DATASET Start Marker

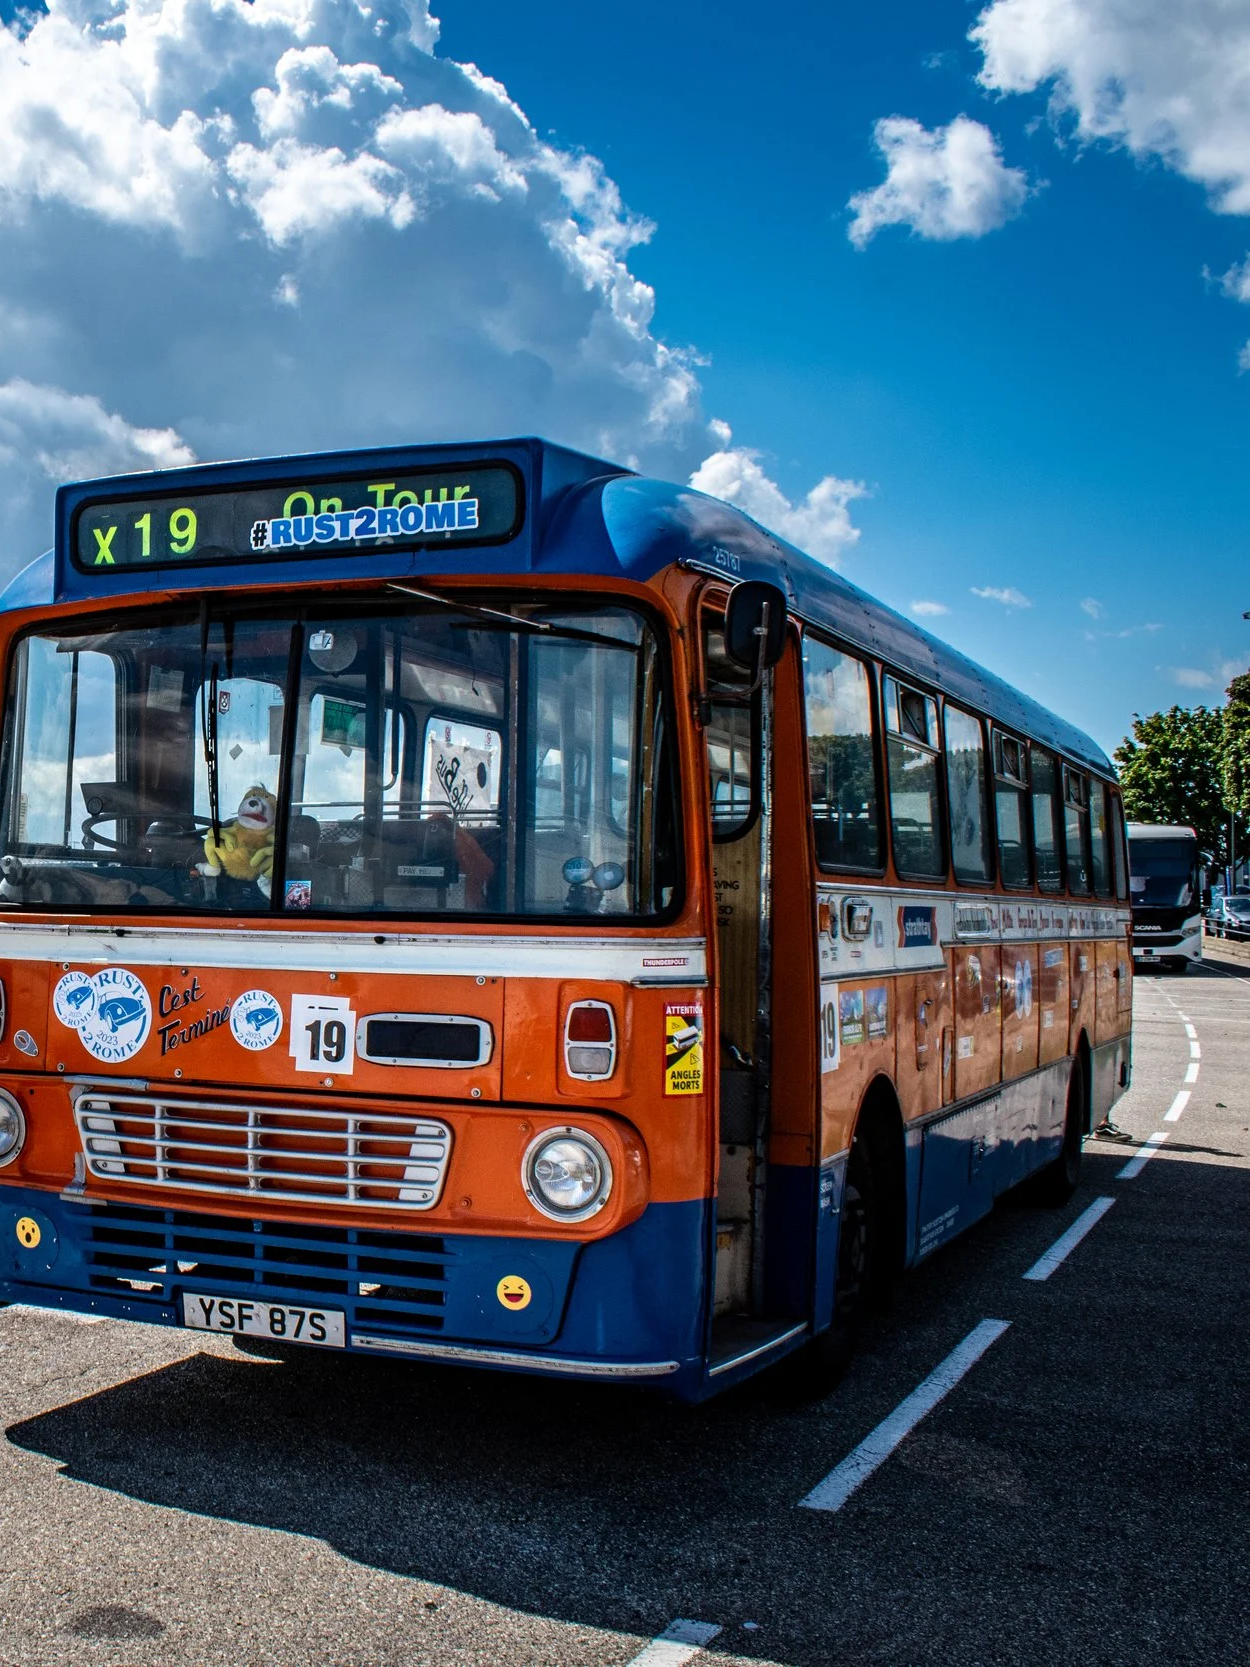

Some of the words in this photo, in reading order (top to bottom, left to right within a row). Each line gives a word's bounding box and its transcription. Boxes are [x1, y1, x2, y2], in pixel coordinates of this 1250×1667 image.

[252, 500, 478, 549] #RUST2ROME
[643, 958, 684, 967] THUNDERPOLE
[62, 973, 89, 986] RUST
[98, 970, 144, 998] RUST
[243, 991, 275, 1007] RUST
[67, 1010, 93, 1026] ROME
[157, 997, 232, 1057] Terminé
[245, 1030, 262, 1040] 2023
[821, 1001, 836, 1059] 19
[96, 1029, 119, 1046] 2023
[244, 1034, 275, 1048] ROME
[305, 1019, 347, 1063] 19
[83, 1032, 94, 1044] 2
[93, 1040, 137, 1060] ROME
[670, 1070, 701, 1080] ANGLES
[672, 1080, 700, 1090] MORTS
[199, 1298, 255, 1331] YSF
[269, 1307, 327, 1342] 87S
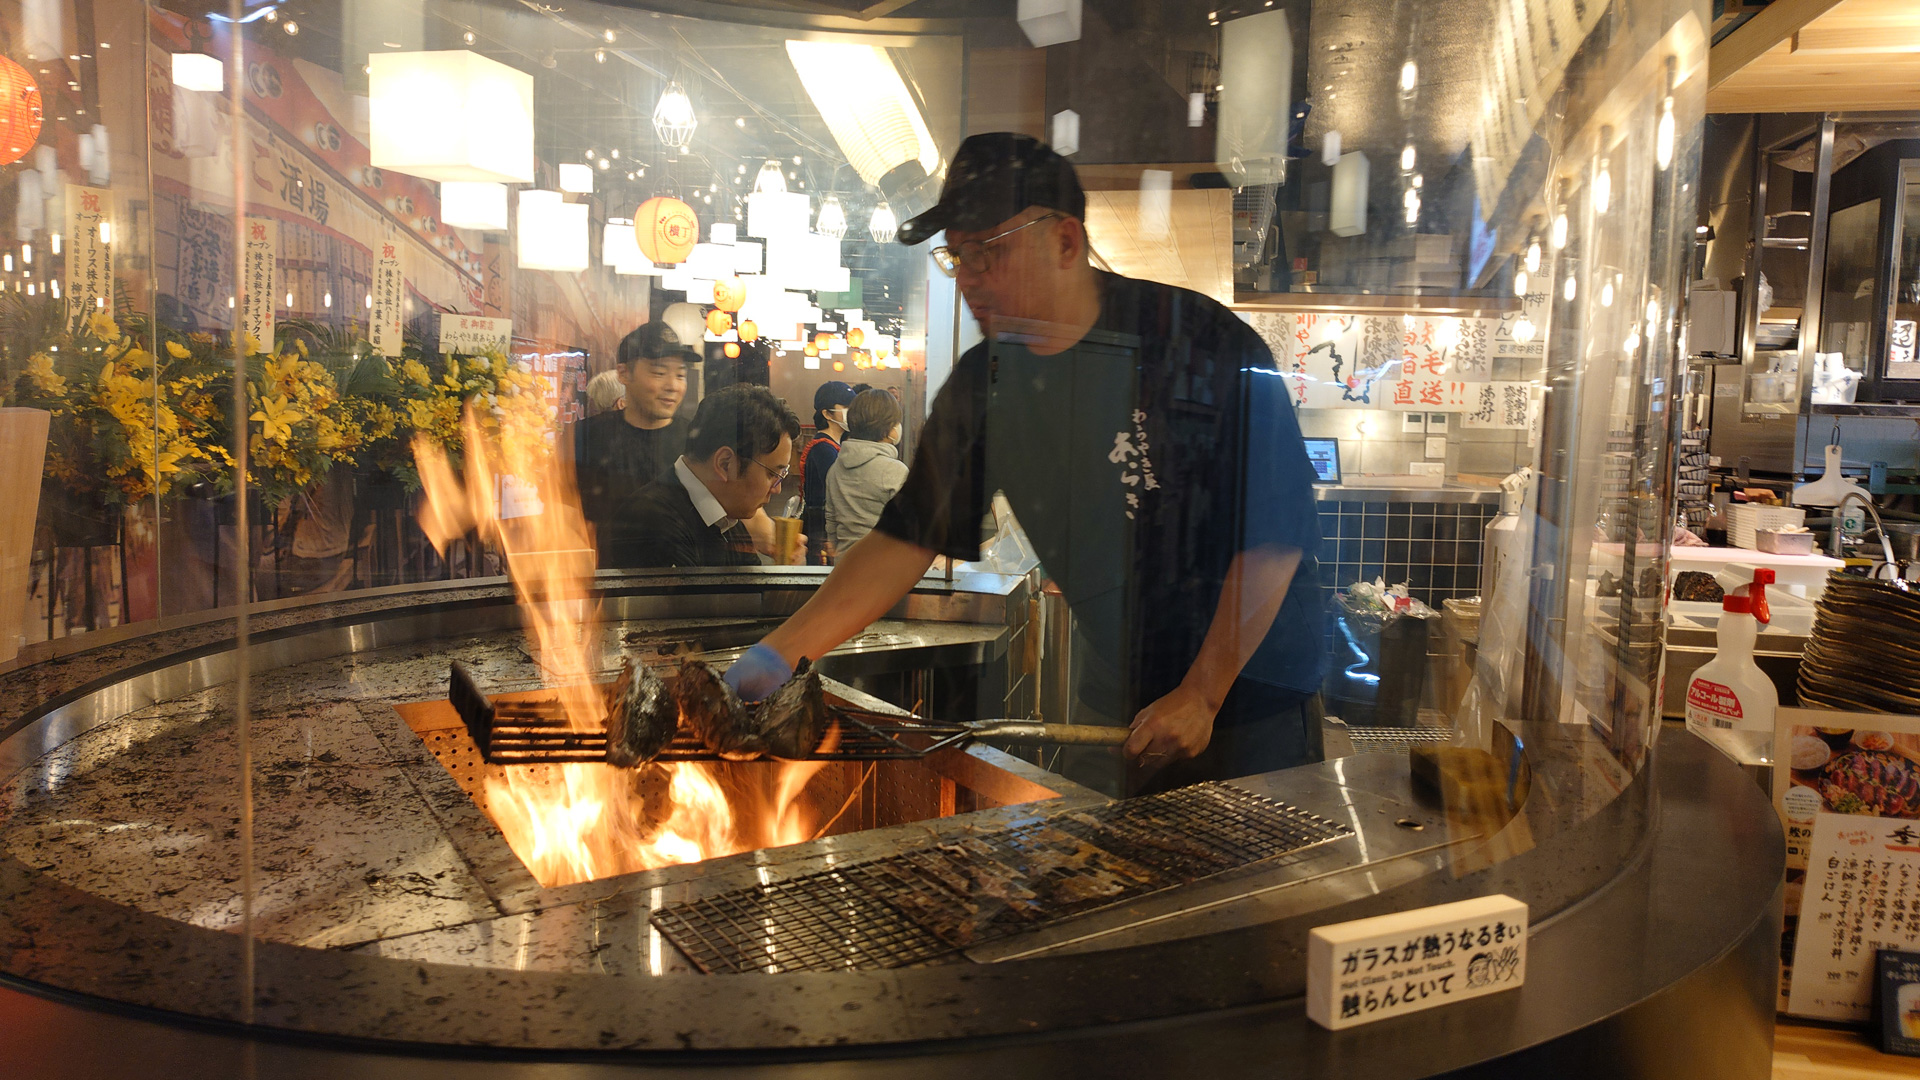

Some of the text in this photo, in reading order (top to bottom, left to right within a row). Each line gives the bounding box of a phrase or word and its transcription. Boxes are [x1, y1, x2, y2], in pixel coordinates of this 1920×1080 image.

[80, 191, 100, 212] 祝
[76, 212, 102, 222] オープ
[251, 222, 267, 240] 祝
[669, 224, 690, 238] 横丁
[247, 241, 271, 249] オープン
[382, 243, 396, 259] 祝
[379, 259, 400, 267] オープン
[253, 252, 263, 340] 株式会社クライマックス
[384, 269, 393, 327] 株式会社ハート
[1690, 686, 1736, 709] アルコール製剤
[1718, 706, 1741, 716] アルペット
[1789, 826, 1811, 838] 鰹の
[1821, 857, 1840, 903] 白ごはん
[1391, 970, 1404, 980] Do
[1407, 966, 1425, 976] Not
[1340, 974, 1455, 1019] 触らんといて

DATASET End Marker

- PROBLEM STATEMENT:
Each line of the material is to be output exactly. Images are not part of the expected output.

- THE COMPLETED TASK:
Some of the words in this photo, in reading order (top to bottom, left to right within a row). Each line gives a word's bounding box and its transcription. Boxes are [x1, y1, x2, y2], in pixel coordinates of this 1250×1667 image.

[252, 500, 478, 549] #RUST2ROME
[643, 958, 684, 967] THUNDERPOLE
[62, 973, 89, 986] RUST
[98, 970, 144, 998] RUST
[243, 991, 275, 1007] RUST
[67, 1010, 93, 1026] ROME
[157, 997, 232, 1057] Terminé
[245, 1030, 262, 1040] 2023
[821, 1001, 836, 1059] 19
[96, 1029, 119, 1046] 2023
[244, 1034, 275, 1048] ROME
[305, 1019, 347, 1063] 19
[83, 1032, 94, 1044] 2
[93, 1040, 137, 1060] ROME
[670, 1070, 701, 1080] ANGLES
[672, 1080, 700, 1090] MORTS
[199, 1298, 255, 1331] YSF
[269, 1307, 327, 1342] 87S

Some of the text in this photo, in reading order (top to bottom, left to right within a row). Each line gives the bounding box of a phrase or word and its transcription. Boxes are [x1, y1, x2, y2], in pixel coordinates of this 1920×1080 image.

[80, 191, 100, 212] 祝
[76, 212, 102, 222] オープ
[251, 222, 267, 240] 祝
[669, 224, 690, 238] 横丁
[247, 241, 271, 249] オープン
[382, 243, 396, 259] 祝
[379, 259, 400, 267] オープン
[253, 252, 263, 340] 株式会社クライマックス
[384, 269, 393, 327] 株式会社ハート
[1690, 686, 1736, 709] アルコール製剤
[1718, 706, 1741, 716] アルペット
[1789, 826, 1811, 838] 鰹の
[1821, 857, 1840, 903] 白ごはん
[1391, 970, 1404, 980] Do
[1407, 966, 1425, 976] Not
[1340, 974, 1455, 1019] 触らんといて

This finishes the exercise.